ATTOR Y United States Patent 3,392,442 SOLDER METHOD FOR PROVIDING STANDOFF OF DEVICE FROM SUBSTRATE John Napier, Poughkeepsie, and Rupert F. Ross, Jr., Fishkill, N.Y., assignors to International Business Machines Corporation, Armonk, N.Y., a corporation of New York Filed June 24, 1965, Ser. No. 466,625 5 Claims. (Cl. 29628) ABSTRACT OF THE DISCLOSURE This invention relates to a soldering method, and more particularly to a method for soldering a semiconductor body to a conductor structure.

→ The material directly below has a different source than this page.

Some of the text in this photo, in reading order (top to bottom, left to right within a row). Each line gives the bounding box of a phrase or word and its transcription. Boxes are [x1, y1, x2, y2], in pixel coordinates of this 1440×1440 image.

Present-day microelectronic packaging techniques make wide use of chip-type transistors or semiconductors. These transistors are produced by the planar process and are arranged to have emitter, base and collector electrodes located in a single plane. When the transistor chip contacts are bonded to a conductor pattern, a number of interconnection requirements must be fulfilled before the resultant connection is acceptable. The interconnection must withstand normal shock, vibration, temperature and humidity extremes to which it will be subjected. Additionally, and more important, the interconnection must be of such a nature that it provides a standoff of the transistor chip from the underlying conductor pattern thereby preventing the occurrence of shorts or parasitics. Finally, the connecting materials should not produce a doping action on silicon or germanium which would tend to change the device characteristics.

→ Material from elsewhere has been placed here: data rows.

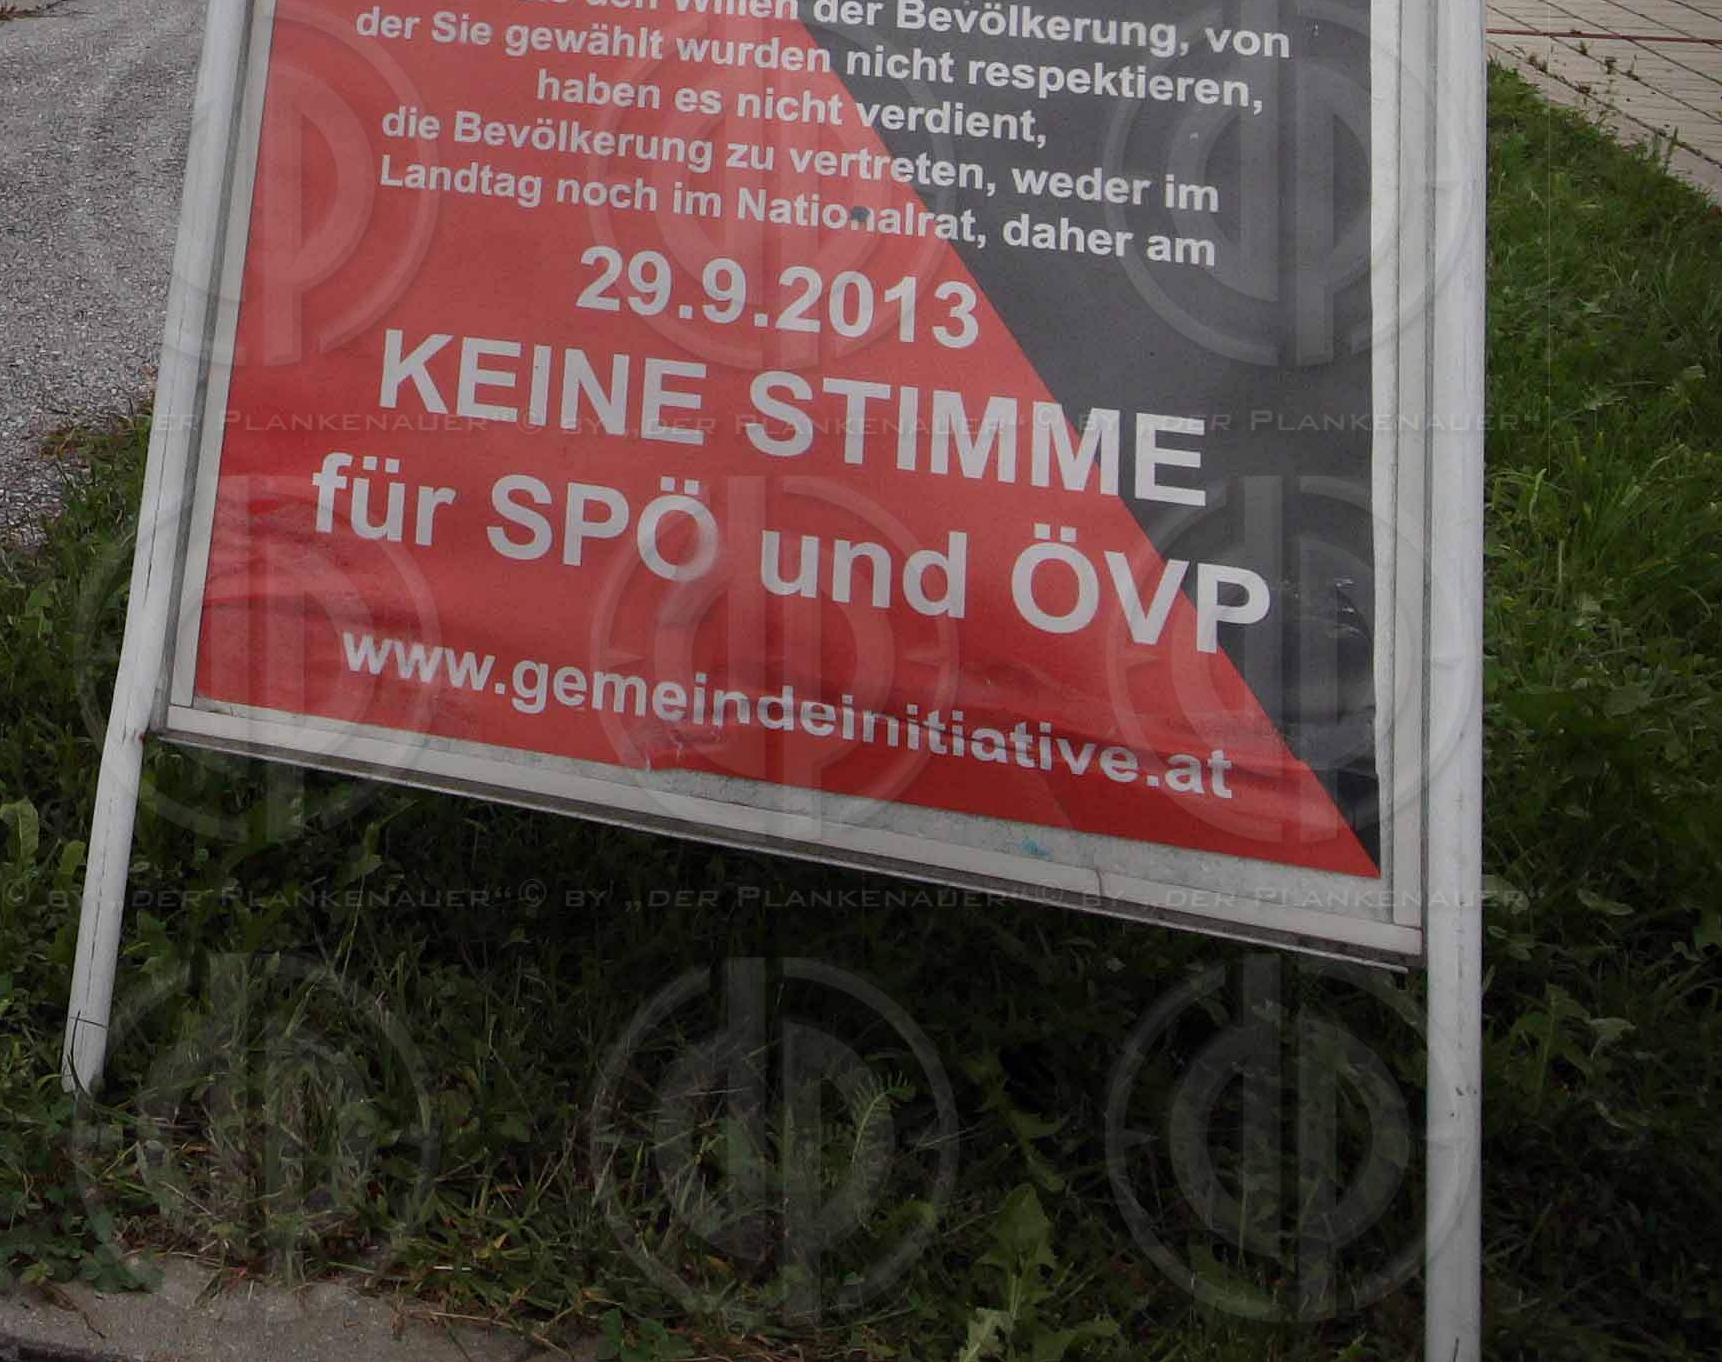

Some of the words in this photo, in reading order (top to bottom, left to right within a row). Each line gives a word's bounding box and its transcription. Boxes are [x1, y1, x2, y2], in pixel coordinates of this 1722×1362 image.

[356, 5, 420, 39] der
[431, 11, 490, 45] Sie
[505, 22, 663, 59] gewählt
[676, 36, 831, 72] wurden
[847, 45, 954, 82] nicht
[968, 57, 1263, 115] respektieren,
[1205, 29, 1289, 57] von
[382, 107, 439, 139] die
[454, 110, 712, 173] Bevölkerung
[727, 144, 773, 169] zu
[790, 149, 995, 196] vertreten,
[1012, 168, 1150, 204] weder
[1166, 175, 1218, 211] im
[538, 69, 660, 109] haben
[676, 89, 721, 113] es
[738, 88, 842, 124] nicht
[856, 102, 1045, 148] verdient,
[381, 155, 541, 207] Landtag
[557, 178, 657, 211] noch
[673, 181, 721, 217] im
[1004, 214, 1133, 256] daher
[1148, 236, 1214, 265] am
[577, 245, 980, 348] 29.9.2013
[379, 329, 707, 444] KEINE
[745, 371, 1206, 507] STIMME
[313, 452, 455, 547] für
[487, 473, 718, 581] SPÖ
[760, 530, 967, 619] und
[1013, 525, 1269, 652] ÖVP
[342, 633, 1233, 798] www.gemeindeinitiative.at

A number of interconnection methods which provide the requisite interconnection characteristics have been proposed. One of these is disclosed in copending US. patent application 333,863 of Irwin M. Hymes entitled Terminals for Micro Miniaturized Devices and Methods of Connecting Same, and now US. Patent No. 3,303,393. In the Hymes method, a copper ball is utilized to connect each terminal of a planar transistor chip to a respective solder coated circuit land. When the transistor with its copper ball contacts is in place on the solder coated conductor pattern, the entire system is fired thereby causing the land solder to bond to the copper ball. The copper ball system, while providing an interconnection scheme which fulfills substantially all of the aforesaid requirements, does have the drawback that it provides a relatively rigid and inelastic contact. This fact gives rise to difficulties when the transistor chips undergo test since the impact of the test probes on the ball contacts is transmitted to the chip and can cause ruptures in the chip structure or other chip damage.
Accordingly, it is an object of this invention to provide a method for interconnecting a semiconductor to an underlying conductive land structure which is reproducible on a mass production basis.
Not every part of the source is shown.